BGH 18.5.2017, VII ZR 122/14
Der Sachverhalt:
Der Kläger nimmt den Beklagten zu 1) auf Zahlung i.H.v. insgesamt rd. 200.000 € in Anspruch. Der Kläger und seine Ehefrau interessierten sich für den Bau eines Eigenheims und nahmen auf eine Anzeige hin Kontakt zudem Beklagten zu 1) auf. Am 2.5.2001 unterzeichneten der Kläger und seine Ehefrau als Auftraggeber einen Bauvertrag über die Errichtung einer Doppelhaushälfte für einen Pauschalpreis von rd. 600.000 DM brutto.
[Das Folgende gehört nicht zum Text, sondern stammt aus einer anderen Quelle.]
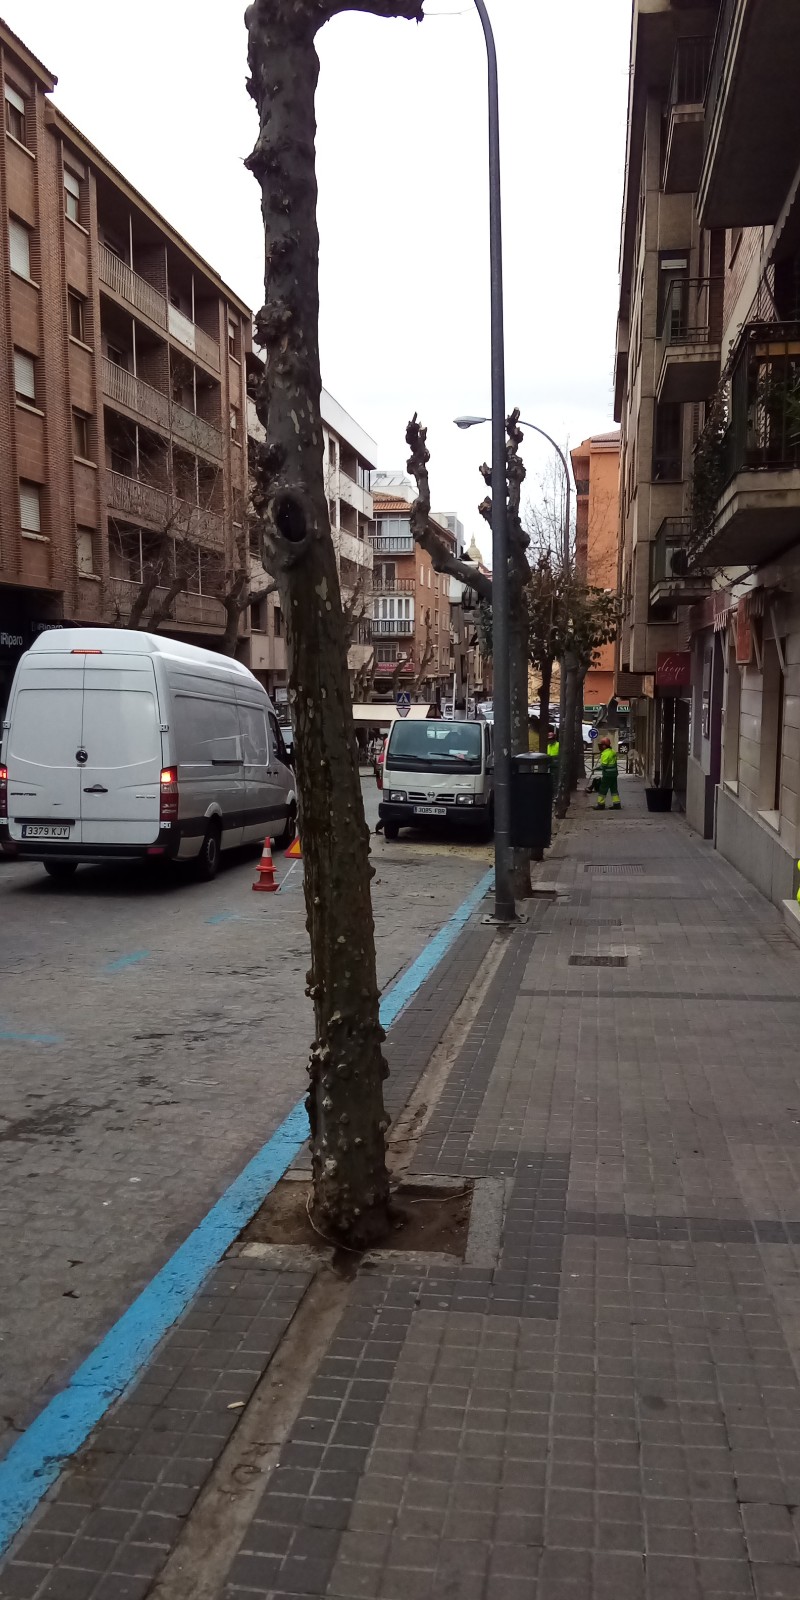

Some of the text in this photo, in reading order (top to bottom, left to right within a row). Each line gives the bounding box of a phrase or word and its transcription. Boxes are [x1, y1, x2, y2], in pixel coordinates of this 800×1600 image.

[1, 632, 23, 648] iRiparo
[27, 826, 68, 836] 3379 KJY
Laut Vertrag sollten Zahlungen der Auftraggeber nach Erteilung einer Abschlagsrechnung/Schlussrechnung durch den Auftragnehmer auf ein von dem Beklagten zu 2) geführtes anwaltliches Treuhandkonto erfolgen.

Der Beklagte zu 1) zeichnete das Vertragsformular am 5.5.2001 gegen und sandte es an den Kläger und seine Ehefrau zurück. Zwischen den Parteien ist streitig, wer als Auftragnehmer des Bauvertrags vorgesehen war. Der Kläger behauptet, die D-GmbH habe - wie in der von ihm vorgelegten Vertragsurkunde ausgewiesen - Auftragnehmerin sein sollen. Der Beklagte zu 1) behauptet dagegen unter Bezugnahme auf eine andere Vertragsurkunde, er persönlich sei Auftragnehmer gewesen. Der Kläger und seine Ehefrau zahlten insgesamt rd. 555.000 DM auf das im Bauvertrag bezeichnete Treuhandkonto, die der Beklagte zu 2) in Teilbeträgen an den Beklagten zu 1) oder von diesem benannte Dritte ausbezahlte. Bis November 2001 wurden Leistungen für das Bauvorhaben erbracht, deren Umfang streitig ist.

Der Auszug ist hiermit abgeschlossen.